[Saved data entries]
Segment Open
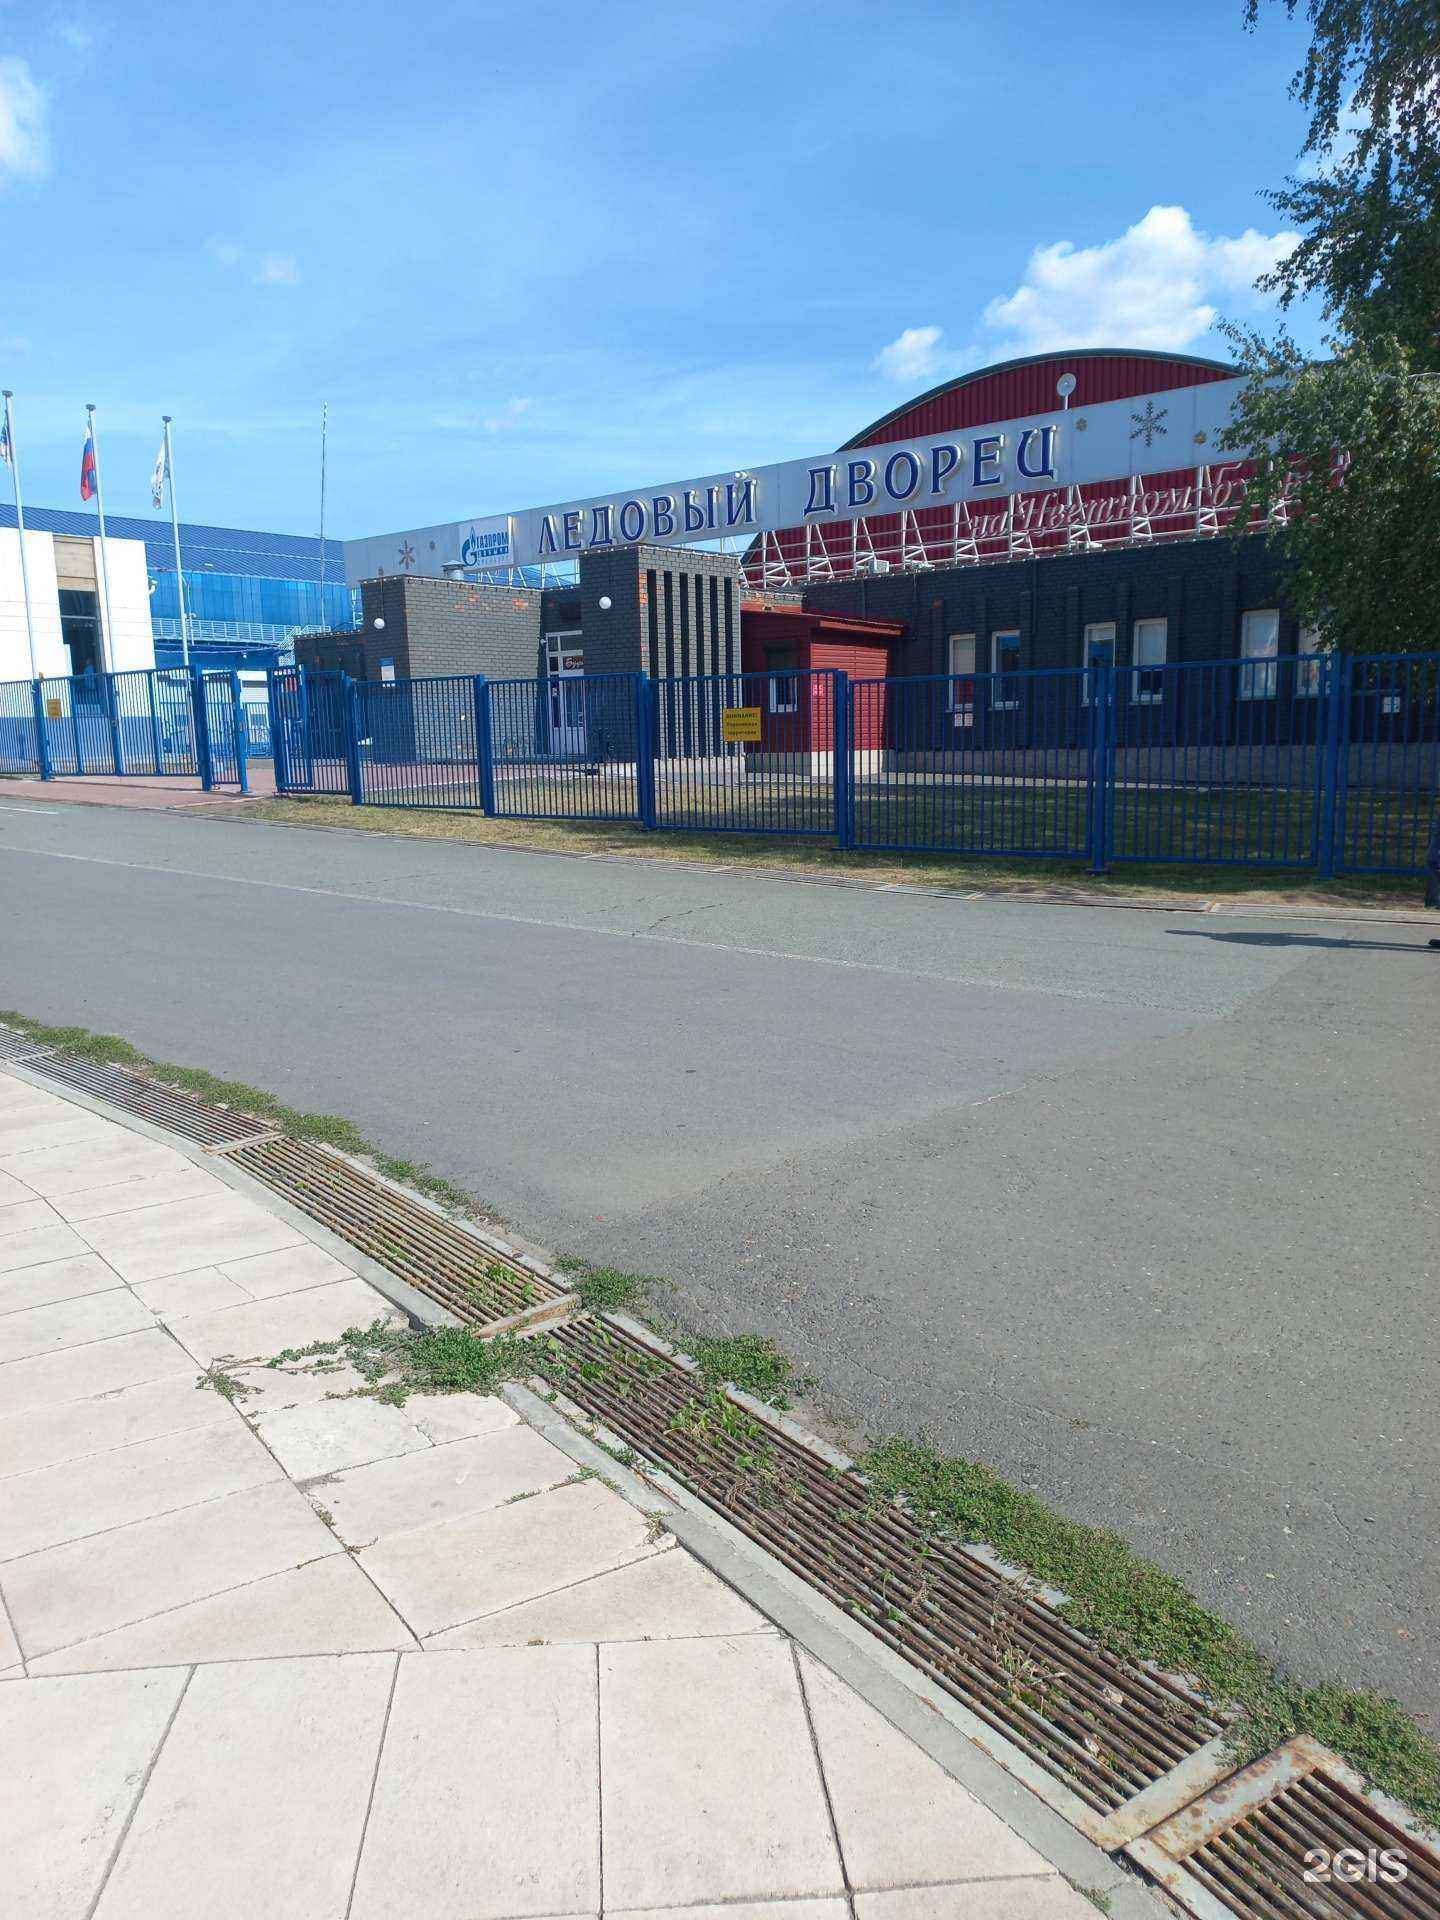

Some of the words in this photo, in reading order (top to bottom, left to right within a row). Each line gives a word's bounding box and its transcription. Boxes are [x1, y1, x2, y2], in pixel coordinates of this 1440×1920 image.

[539, 472, 758, 553] ЛЕДОВЫЙ
[803, 425, 1057, 517] ДВОРЕЦ
[476, 531, 508, 549] ГАЗПРОМ
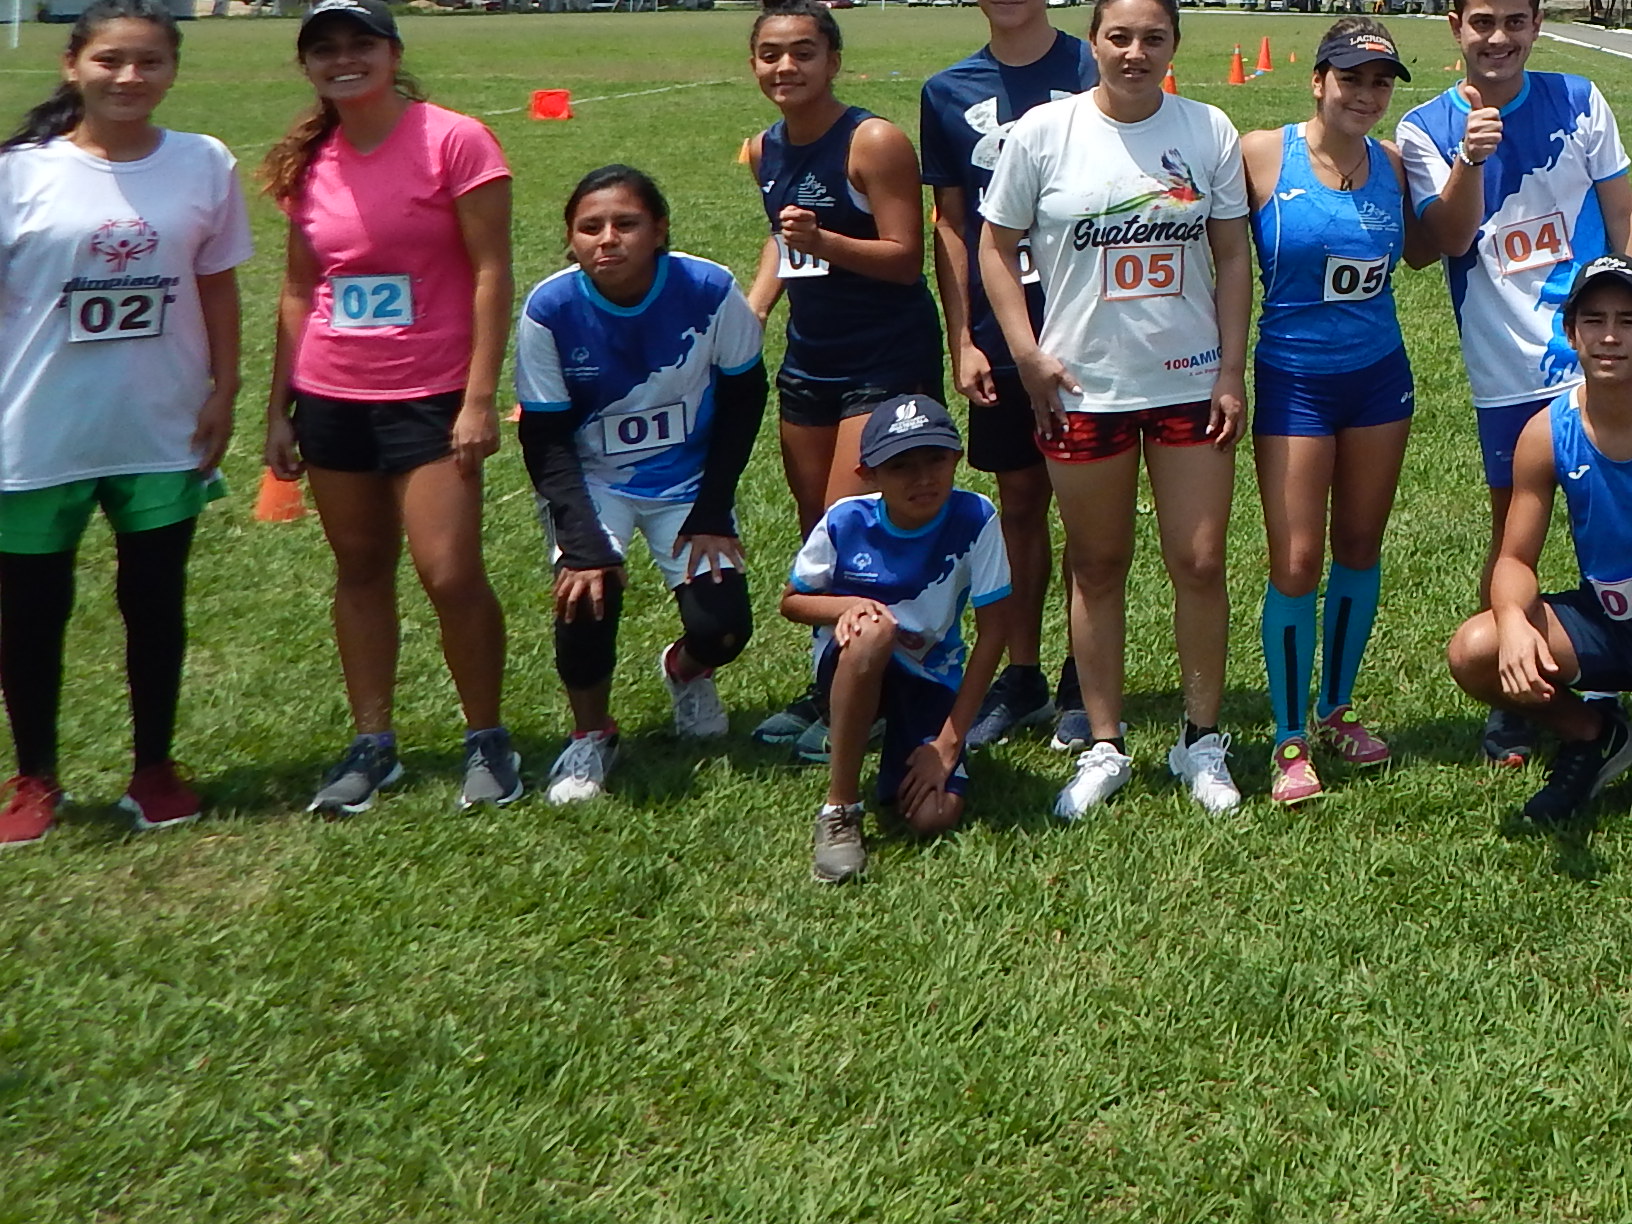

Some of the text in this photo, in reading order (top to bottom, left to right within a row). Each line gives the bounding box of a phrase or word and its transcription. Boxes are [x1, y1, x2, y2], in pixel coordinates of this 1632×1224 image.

[1505, 222, 1562, 262] 04
[1114, 253, 1176, 290] 05
[1332, 262, 1386, 294] 05
[80, 294, 153, 334] 02
[343, 282, 403, 320] 02
[618, 411, 670, 445] 01
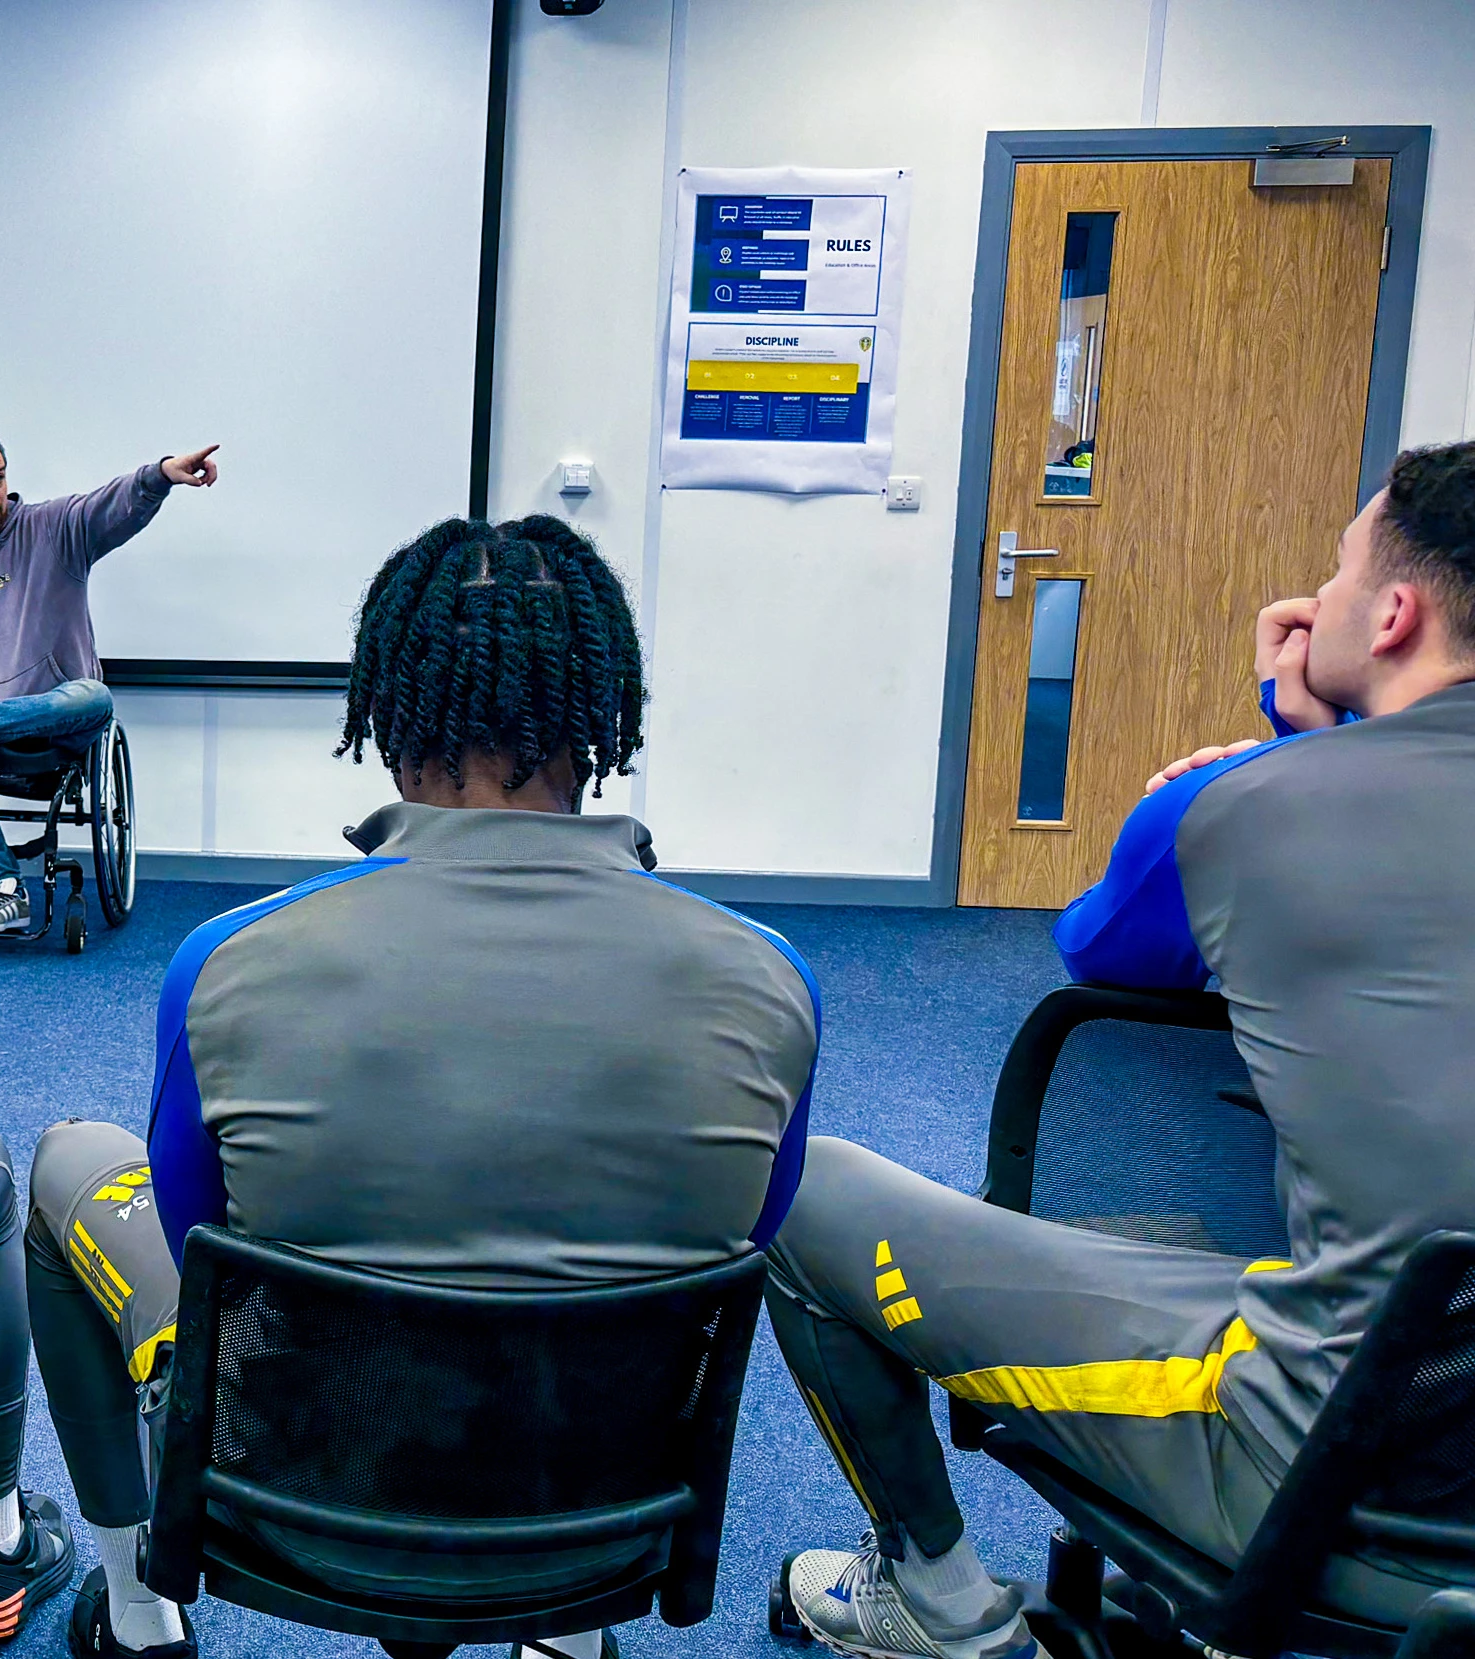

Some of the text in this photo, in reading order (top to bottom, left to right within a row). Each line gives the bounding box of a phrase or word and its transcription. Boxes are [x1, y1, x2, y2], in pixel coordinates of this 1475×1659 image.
Segment Closed
**Exercise aim:** Your answer is an exact copy of the records above, stripped of pictures.

**Reply:**
Some of the words in this photo, in reading order (top to bottom, left to right within a row). Each line gives a word's bounding box and its transcription. Boxes are [x1, y1, x2, y2], in pixel coordinates of this 1440×1920 image.

[539, 472, 758, 553] ЛЕДОВЫЙ
[803, 425, 1057, 517] ДВОРЕЦ
[476, 531, 508, 549] ГАЗПРОМ

Some of the text in this photo, in reading order (top to bottom, left to right within a row). Each line gives the bounding box of a phrase or word and its transcription. Boxes are [x1, y1, x2, y2], in pixel coordinates of this 1632×1224 image.

[1505, 222, 1562, 262] 04
[1114, 253, 1176, 290] 05
[1332, 262, 1386, 294] 05
[80, 294, 153, 334] 02
[343, 282, 403, 320] 02
[618, 411, 670, 445] 01

Some of the text in this photo, in reading order (top to bottom, left to right within a row). Each line gives the bounding box of a phrase or word and its transcription. Boxes are [x1, y1, x2, y2], in pixel coordinates of this 1475×1659 image.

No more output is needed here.